The Road to Trump Began With Reaganomics & the Loss of the Middle Class, Economist Says
Donald Trump's rise to the White House can be traced to President Reagan’s economic policies that “hollowed out the middle class.”
That’s according to an economic historian who laid out a slew of sobering data on income, taxes, Chinese imports, debt and more that he connected to across-the-board tax cuts that began in 1980.
“(Reaganomics) paved the way for Trumpism,” John Komlos, a former Duke economics professor and professor emeritus of economics and economic history at the University of Munich, said last week during a talk at the John Hope Franklin Center. “That to me is where our problems started, because it created a great amount of inequality.”
Komlos cited “economic dislocations” in three Rustbelt states as one of the main reasons Trump won over voters who had gone for Barak Obama in 2008 and 2012.

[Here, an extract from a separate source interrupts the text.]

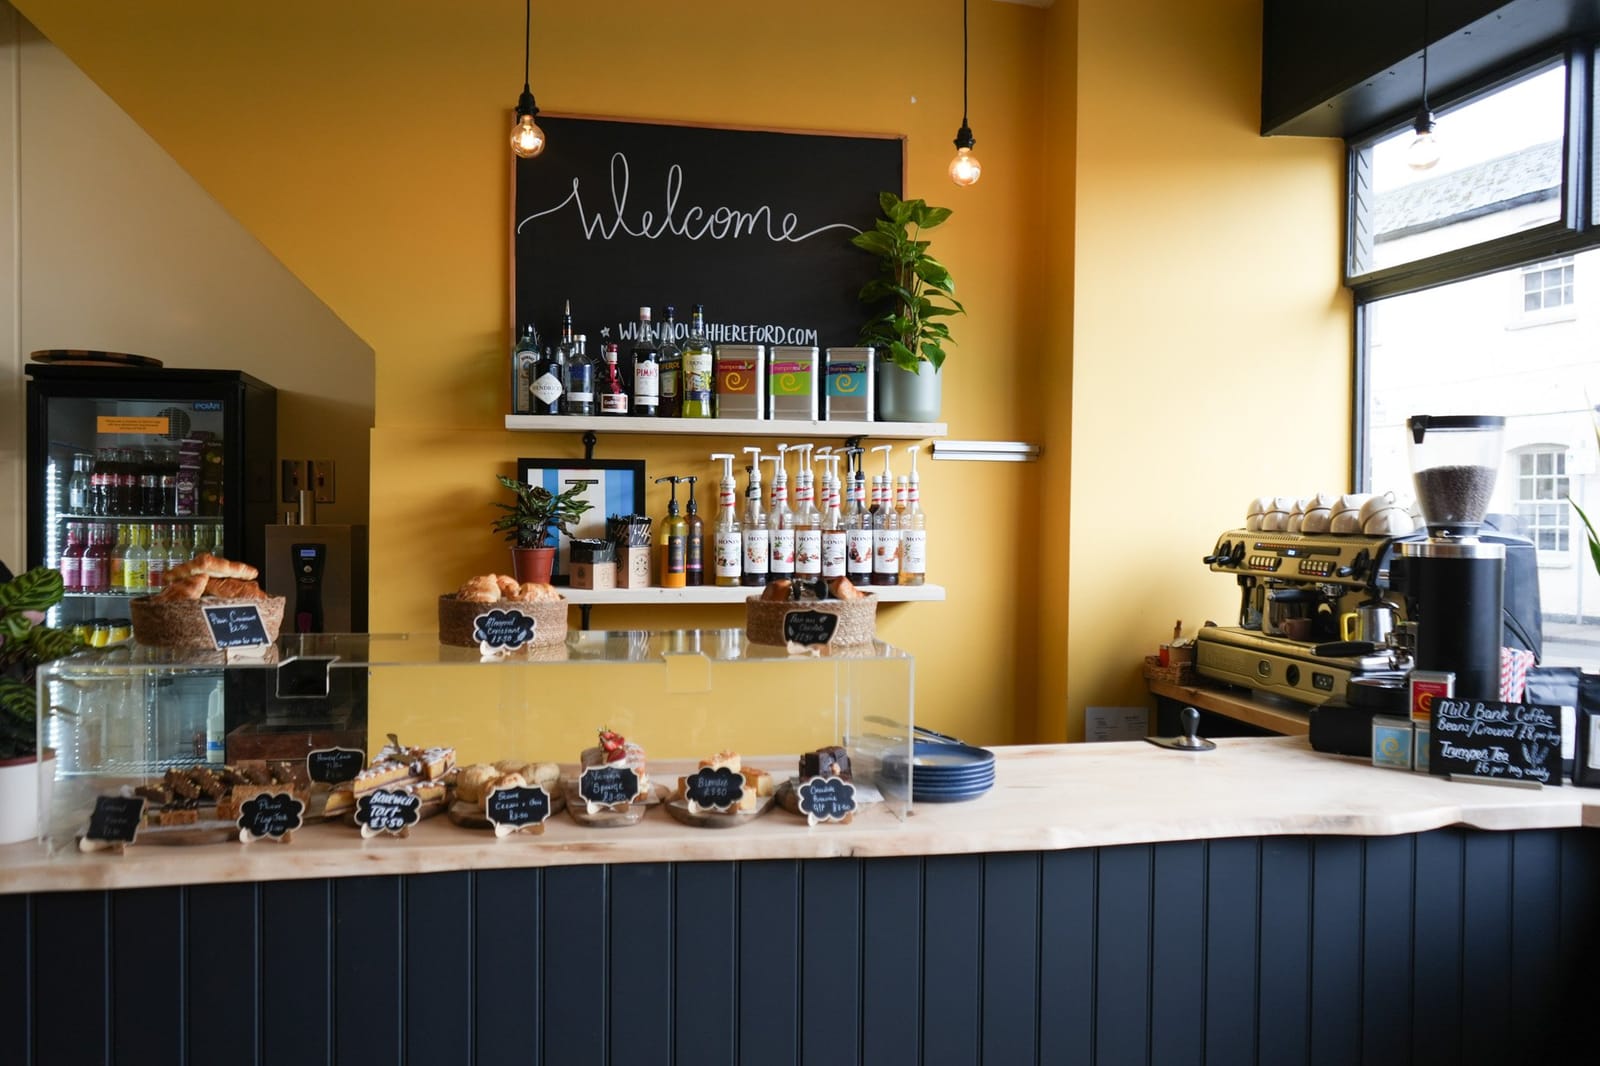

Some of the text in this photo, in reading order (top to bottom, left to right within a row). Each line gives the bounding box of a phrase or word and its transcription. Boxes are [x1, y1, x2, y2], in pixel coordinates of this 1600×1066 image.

This dislocation includes low and stagnating wages, increasing indebtedness, downward social mobility, declining relative incomes “and the hopelessness accompanying them while at the other end of the income distribution the economy was simply booming.”
“People without a high school diploma, they are really hurting,” Komlos said. “They are the ones that Donald Trump loves. Some people are doing marvelously, and other people are really behind the eight ball. And Trump would not have won otherwise.”
Komlos said he’s met people who support Trump simply for “vengeful reasons.”
“I can understand that; the system didn’t treat them well.”
He cited a three-decade process that started with Reaganomics and its tax cuts, which he says favored the rich by increasing their wealth and political clout. In tax year 1985, for example, he said the top 1 percent gained a $350,000 windfall while the typical household received $3,500, and the poor received a couple of hundred dollars (all in today’s dollars).
Reaganomics also hurt the middle class by crushing unions, he says.
Komlos blamed Democrats, too. Financial deregulation and hyper-globalization under President Clinton accelerated the process of hurting the middle class, according to the economist.
“George Bush Jr. continued to pamper the superrich with his tax policies,” Komlos says. “The process culminated with Barack Obama’s bailing out the super-rich and his disregard of Main Street. This is fermentation for people in despair.”
Komlos said the United States blew an opportunity to drastically restructure its economy and make it fairer when the bottom fell out in 2008-2009.
“The rich and powerful were on their knees, they were bankrupt,” he said. “That’s the only time when you could have really put the economy on a bigger path.”
He added that the taxpayer bailout “was the biggest transfer of wealth from bottom to the top in history of mankind.”
And Komlos said Obama’s choice of Timothy Geithner, a former president of the Federal Reserve Bank of New York, to be his first secretary of the treasury was the “worst decision Obama made in his life.”
“(Geithner) didn’t care about Main Street, he cared about banking,” Komlos said. “Obama is not blameless by any means.”
He noted that Citibank and Bank of America had a combined market value of $24 billion in March 2009. Today they are worth $400 billion.
“The taxpayer didn’t get a cent of the capital gains,” Komlos said.
“We’re in bad shape folks, we’re in much worse shape than we think … because all these problems are not even recognized.”
He added: “Do not blame Hillary’s ‘basket of deplorables’ for heaven’s sake. They are the victims. They did not create the system and they do not understand the system and they are being manipulated in a big way.
“My argument is it’s the economic policies that led to the deplorables, and vengeance on us.”
The John Hope Franklin Center and Duke University Center for International and Global Studies sponsored last week’s talk.